Israeli cancer researcher

Ronit Satchi-Fainaro (Hebrew: רונית סצ'י-פאינרו; born October 22, 1971) is an Israeli cancer researcher at the Gray Faculty of Medical and Health Sciences at Tel Aviv University and the head of the Gray School of Medical Sciences. Her research focuses on understanding cancer dormancy, tumor–host interactions, angiogenesis, and metastasis in order to design targeted polymer-based therapeutics and nano-vaccines.

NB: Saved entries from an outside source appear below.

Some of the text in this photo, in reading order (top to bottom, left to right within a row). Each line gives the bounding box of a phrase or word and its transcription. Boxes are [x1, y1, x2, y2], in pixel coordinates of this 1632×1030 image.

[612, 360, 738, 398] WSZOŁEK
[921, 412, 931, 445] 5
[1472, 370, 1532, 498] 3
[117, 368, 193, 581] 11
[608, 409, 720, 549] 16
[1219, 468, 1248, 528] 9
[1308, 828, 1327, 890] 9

== Early life and education ==
Ronit Satchi-Fainaro was born in Tel Aviv, Israel, to parents who immigrated from Bulgaria. She is the second of two children. Between the ages of six and twelve, her family lived in Venezuela, where her parents managed a construction company. She graduated from the Herzliya Hebrew Gymnasium in Tel Aviv. She served in the Medical Corps at Tel HaShomer Medical Center during her military service; during this time, her father died of cancer.

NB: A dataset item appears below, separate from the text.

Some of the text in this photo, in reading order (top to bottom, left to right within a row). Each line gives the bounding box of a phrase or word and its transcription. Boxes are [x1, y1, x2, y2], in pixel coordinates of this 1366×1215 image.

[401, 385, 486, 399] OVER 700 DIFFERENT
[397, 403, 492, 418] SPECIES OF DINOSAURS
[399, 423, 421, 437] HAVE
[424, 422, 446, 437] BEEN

Satchi-Fainaro earned her bachelor's degree in pharmacy at the Hebrew University of Jerusalem. She completed her doctorate in the laboratory of Ruth Duncan at the University of London in 1999. She later undertook postdoctoral research with Judah Folkman at Harvard University and Boston Children's Hospital in the United States.

== Career and research ==
Satchi-Fainaro has headed the Cancer and Nanomedicine Research Laboratory at Tel Aviv University's faculty of medicine since 2006 and is a faculty member in its Department of Physiology and Pharmacology. She was promoted to full professor in 2015. Since 2017, she has held the Hermann and Kurt Leon Chair in Nanoscience and Nanotechnologies. She is also the director of the Cancer Biology Research Center, the Kahn 3D Bioprinting Initiative, and has been a visiting professor at Harvard University since 2007 and at the University of Lisbon since 2021. In 2025, she was appointed head of the Gray School of Medical Sciences.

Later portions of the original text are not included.